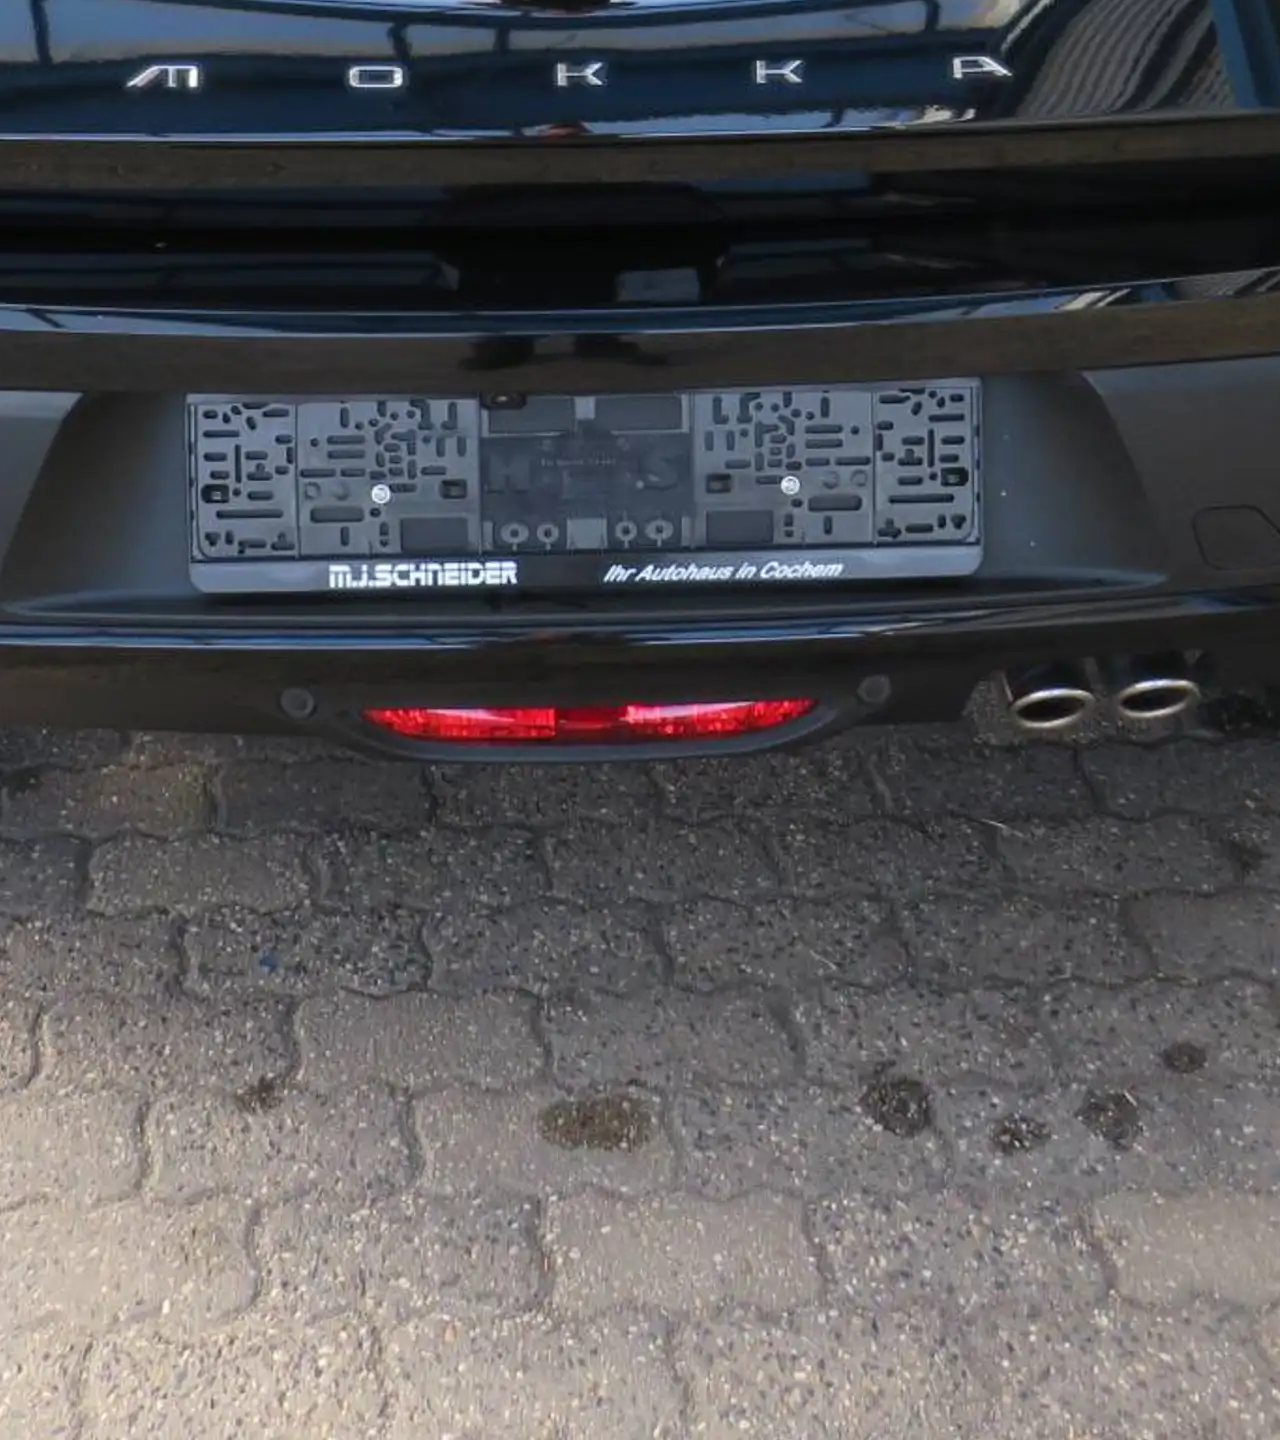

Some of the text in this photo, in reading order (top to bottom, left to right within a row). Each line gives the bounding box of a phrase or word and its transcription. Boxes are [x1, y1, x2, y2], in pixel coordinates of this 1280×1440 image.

[603, 560, 845, 583] Ihr Autohaus in Cochem
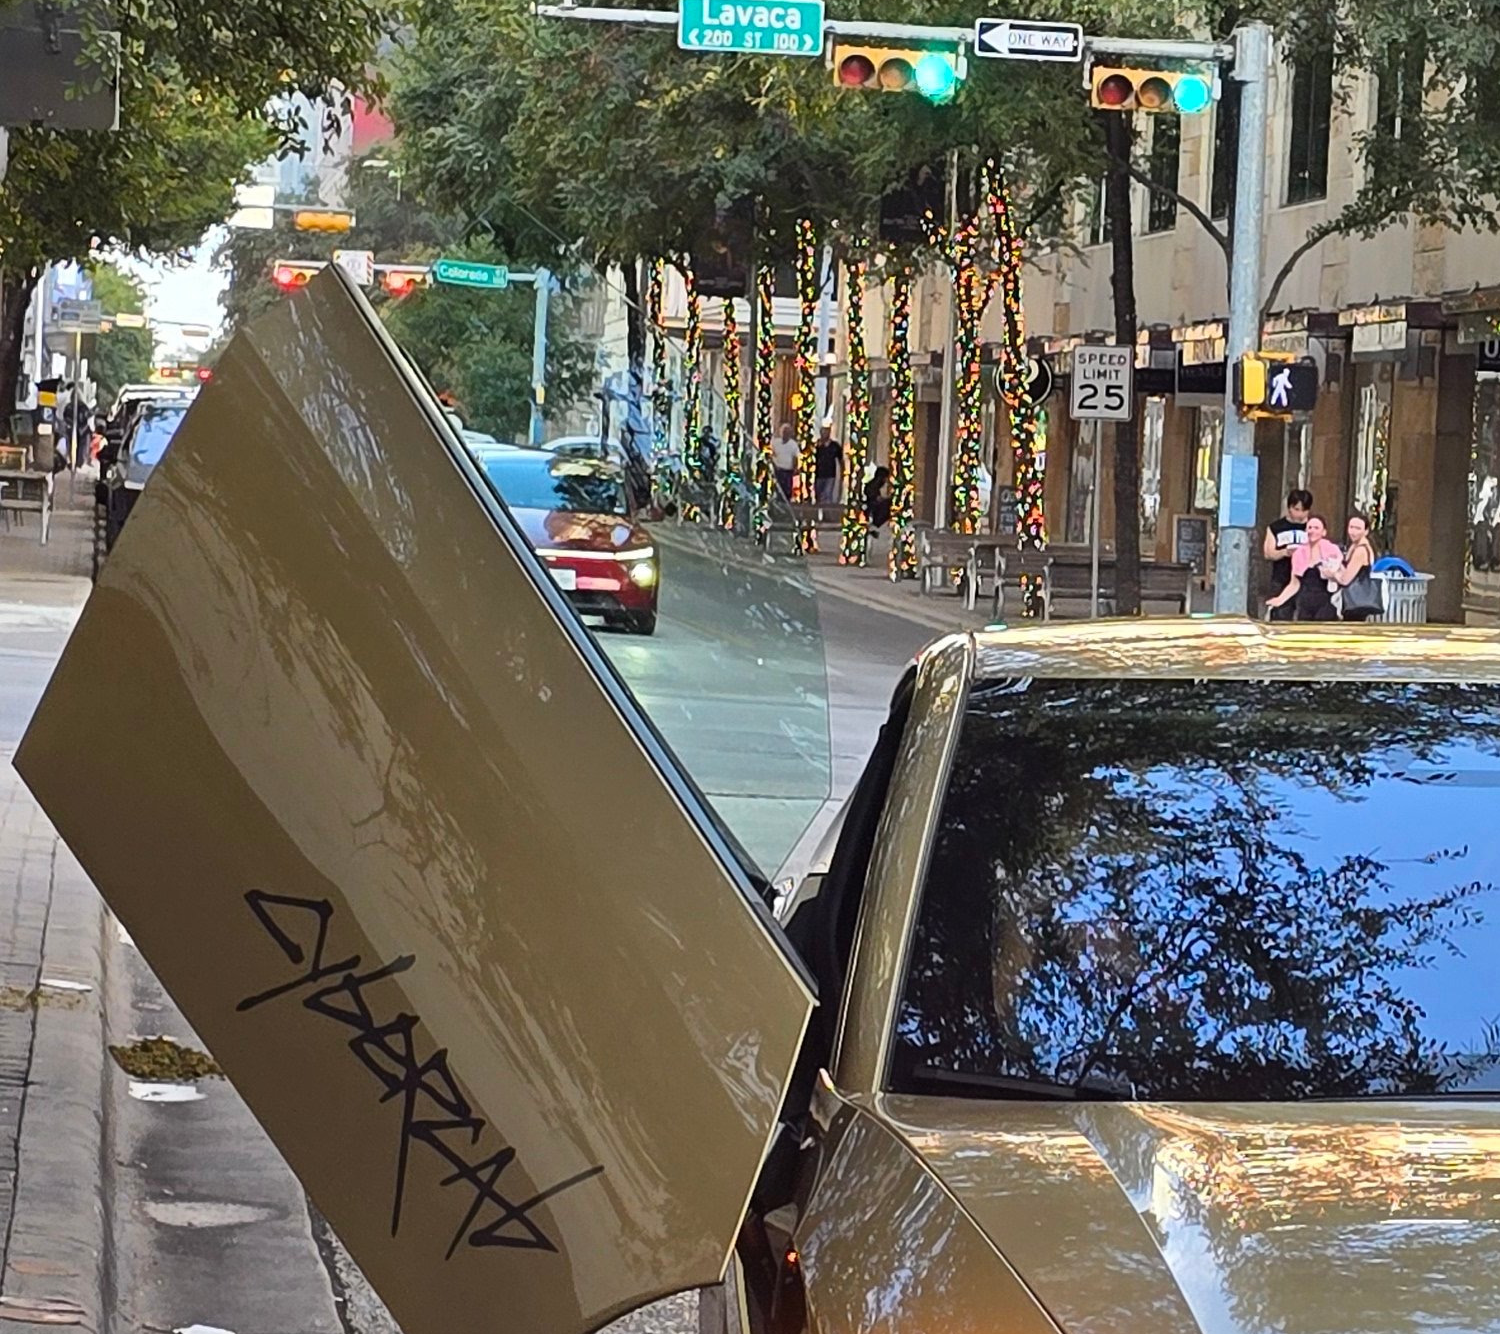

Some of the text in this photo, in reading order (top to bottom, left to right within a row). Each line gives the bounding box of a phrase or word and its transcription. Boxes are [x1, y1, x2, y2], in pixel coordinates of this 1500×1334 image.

[702, 29, 800, 51] 200 ST 100
[1008, 32, 1070, 48] ONE WAY
[1078, 353, 1127, 366] SPEED
[1083, 368, 1121, 381] LIMIT
[1077, 383, 1125, 411] 25
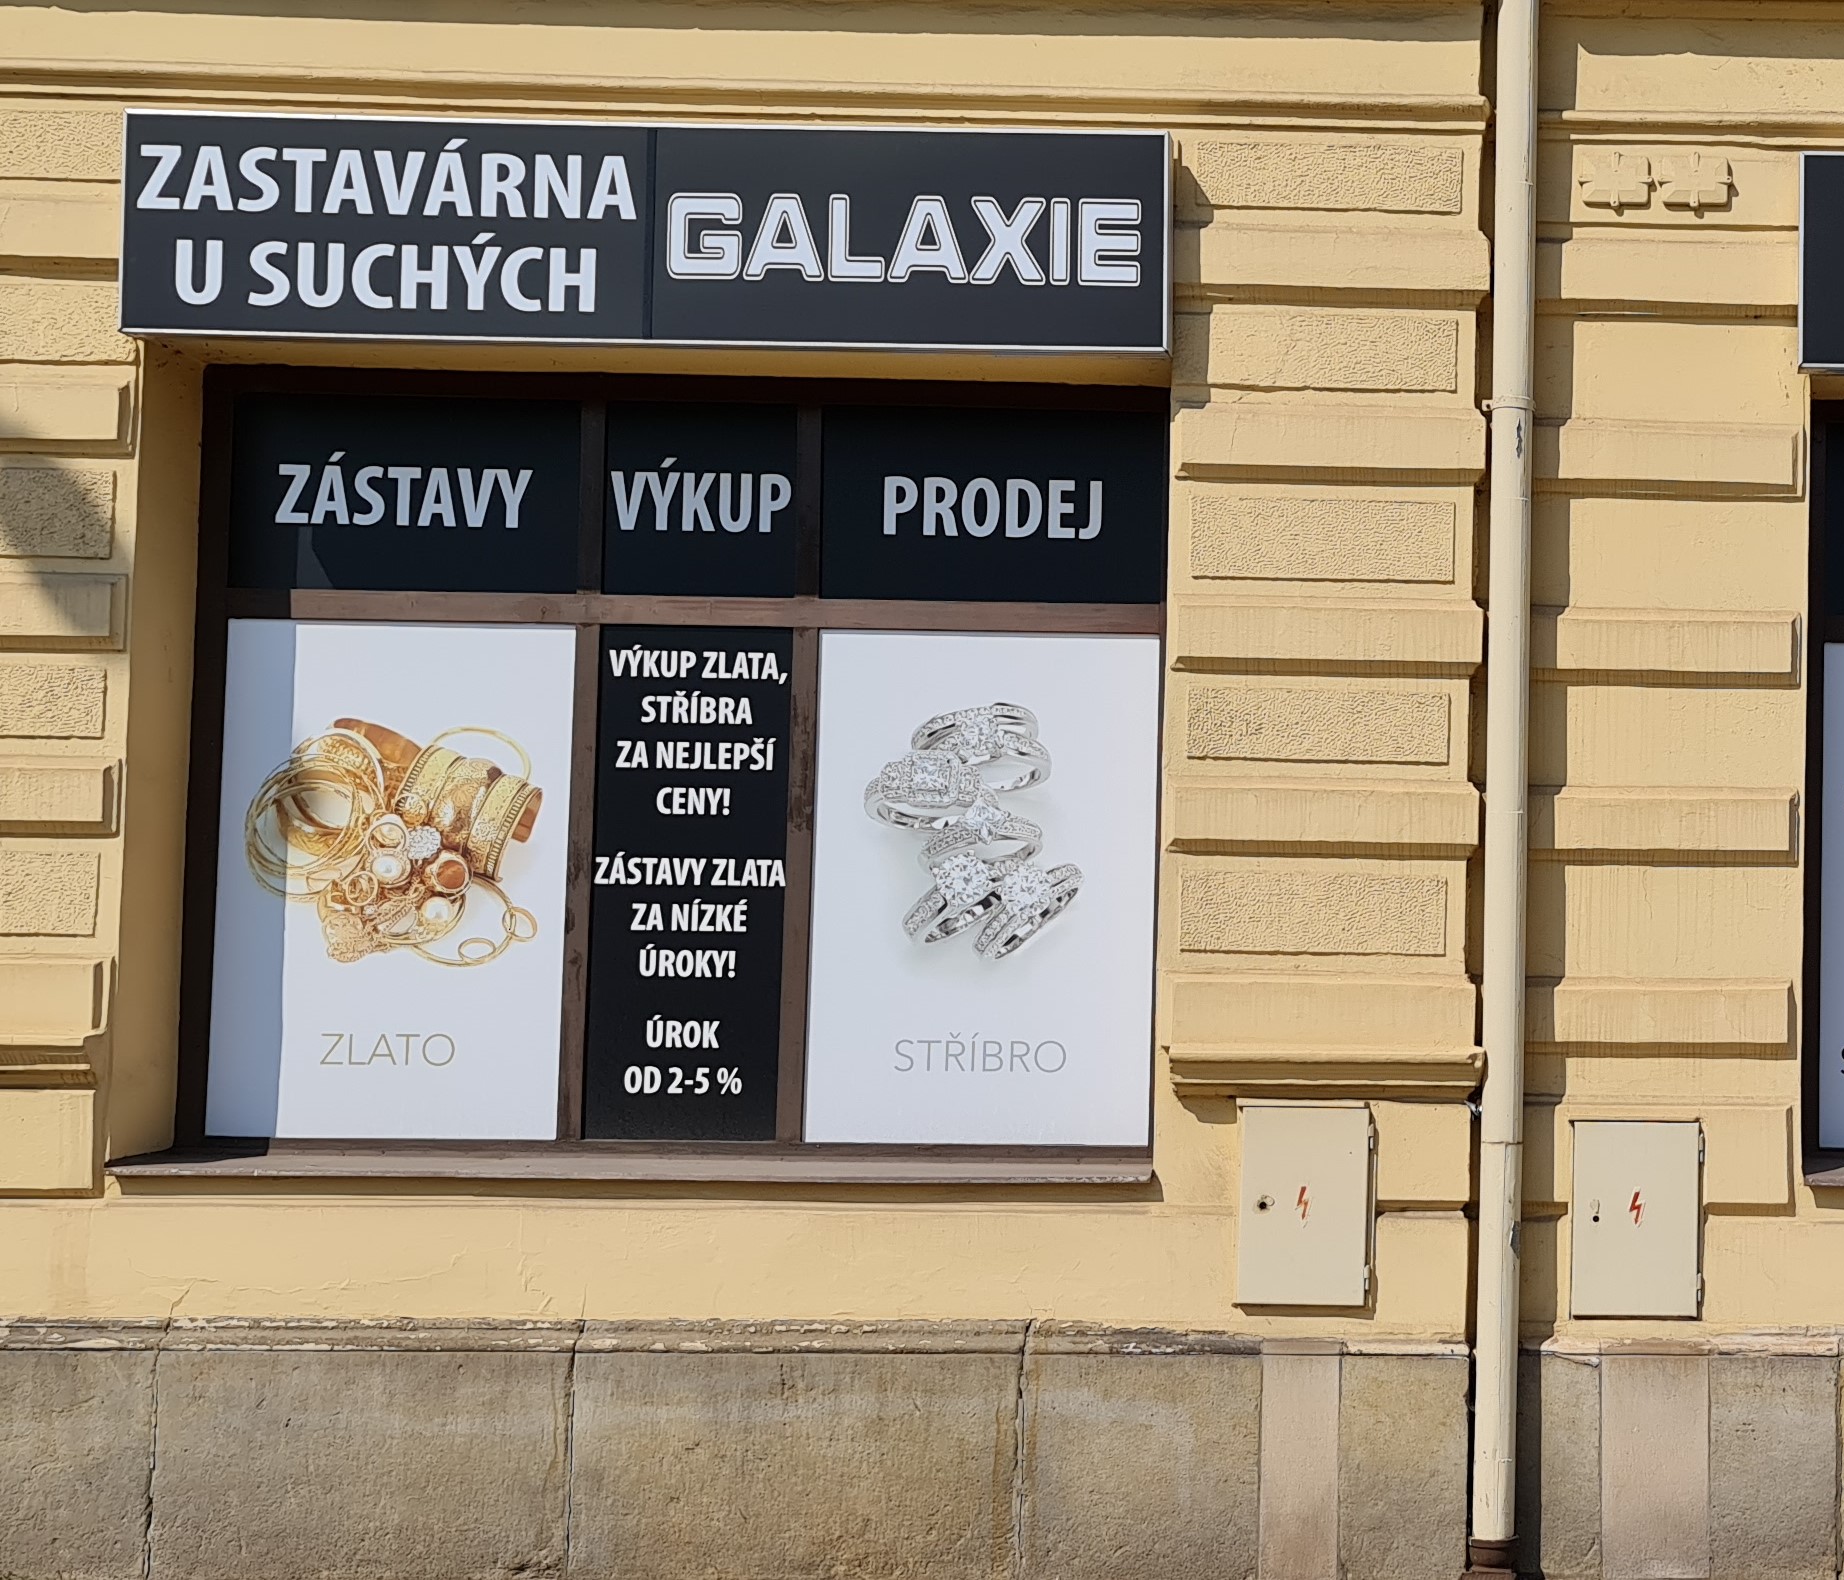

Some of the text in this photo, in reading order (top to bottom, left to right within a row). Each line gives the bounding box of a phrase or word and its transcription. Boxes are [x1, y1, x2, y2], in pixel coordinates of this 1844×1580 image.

[137, 139, 636, 219] ZASTAVÁRNA
[667, 193, 1141, 286] GALAXIE
[176, 233, 596, 312] U SUCHÝCH
[275, 452, 533, 528] ZÁSTAVY
[611, 458, 791, 532] VÝKUP
[884, 476, 1102, 539] PRODEJ
[610, 645, 787, 684] VÝKUP ZLATA,
[641, 691, 752, 724] STŘÍBRA
[616, 738, 776, 770] ZA NEJLEPŠÍ
[657, 787, 730, 815] CENY!
[594, 852, 786, 886] ZÁSTAVY ZLATA
[631, 899, 747, 932] ZA NÍZKÉ
[640, 944, 736, 978] ÚROKY!
[647, 1015, 719, 1048] ÚROK
[320, 1034, 455, 1066] ZLATO
[895, 1032, 1066, 1072] STŘÍBRO
[624, 1066, 742, 1094] OD 2-5 %
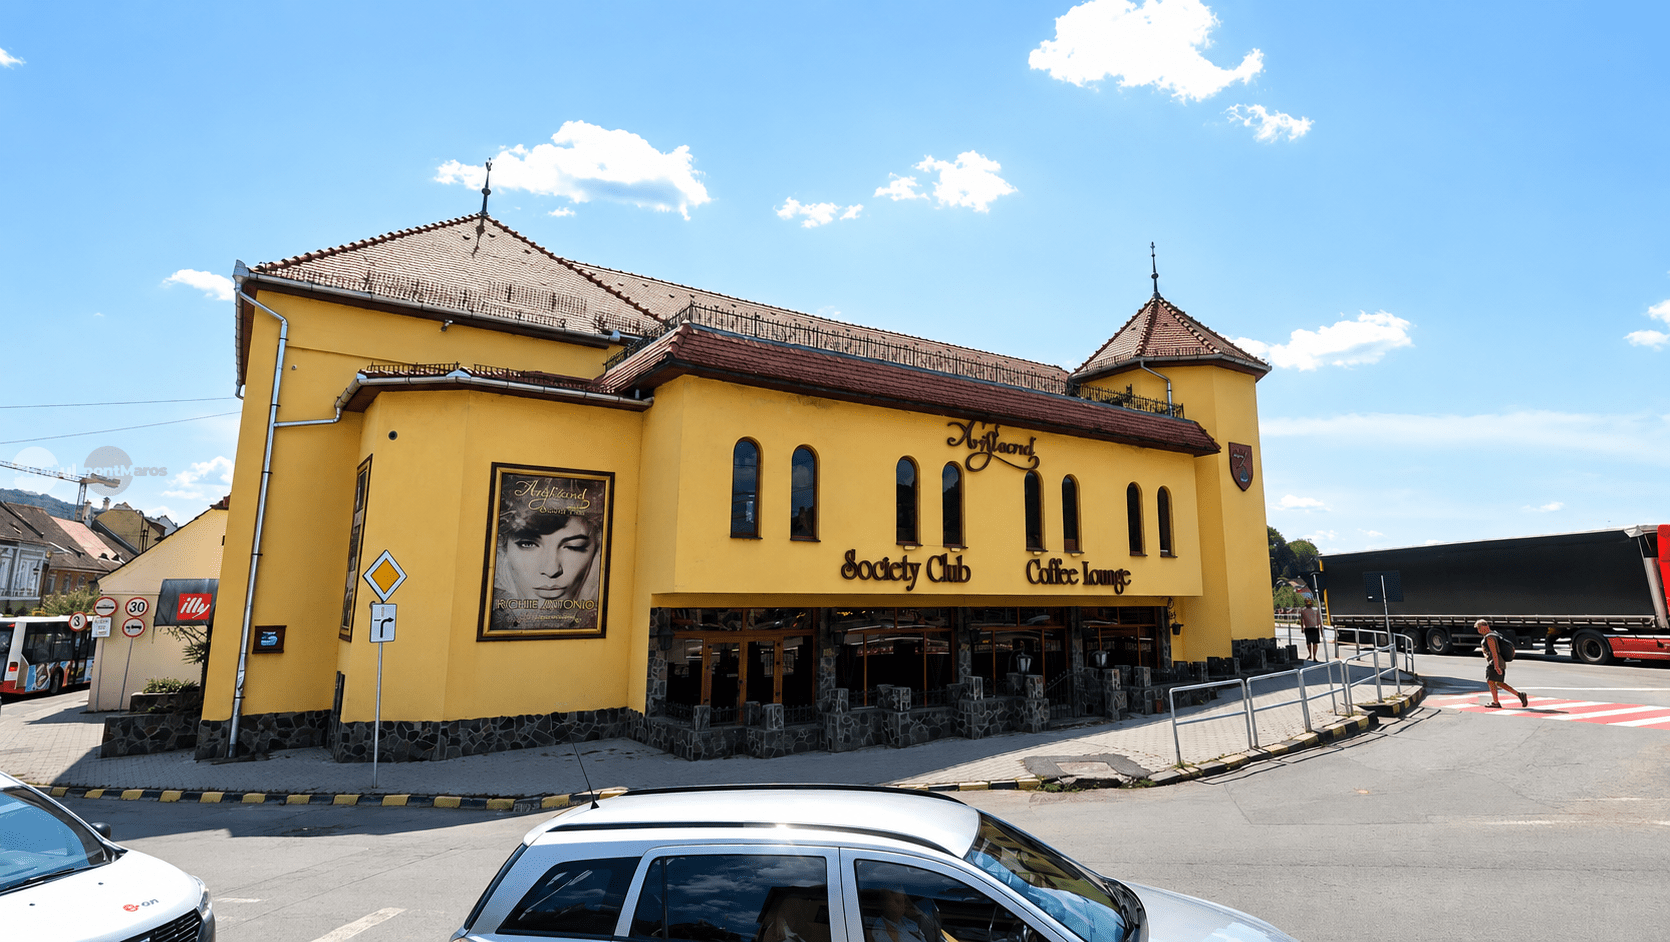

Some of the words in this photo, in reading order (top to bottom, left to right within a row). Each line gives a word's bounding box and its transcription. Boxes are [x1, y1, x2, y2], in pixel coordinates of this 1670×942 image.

#### [What the task asks]
From the line containing "this 1844×1580 image." to the last line of the records above, return each line exactly, both ends included, and nothing more. Leave out the pictures.

#### [Your solution]
Some of the text in this photo, in reading order (top to bottom, left to right within a row). Each line gives the bounding box of a phrase or word and its transcription. Boxes are [x1, y1, x2, y2], in pixel coordinates of this 1844×1580 image.

[137, 139, 636, 219] ZASTAVÁRNA
[667, 193, 1141, 286] GALAXIE
[176, 233, 596, 312] U SUCHÝCH
[275, 452, 533, 528] ZÁSTAVY
[611, 458, 791, 532] VÝKUP
[884, 476, 1102, 539] PRODEJ
[610, 645, 787, 684] VÝKUP ZLATA,
[641, 691, 752, 724] STŘÍBRA
[616, 738, 776, 770] ZA NEJLEPŠÍ
[657, 787, 730, 815] CENY!
[594, 852, 786, 886] ZÁSTAVY ZLATA
[631, 899, 747, 932] ZA NÍZKÉ
[640, 944, 736, 978] ÚROKY!
[647, 1015, 719, 1048] ÚROK
[320, 1034, 455, 1066] ZLATO
[895, 1032, 1066, 1072] STŘÍBRO
[624, 1066, 742, 1094] OD 2-5 %

Some of the words in this photo, in reading order (top to bottom, left to right within a row). Each line gives a word's bounding box and its transcription. Boxes are [x1, y1, x2, y2], in pixel coordinates of this 1670×942 image.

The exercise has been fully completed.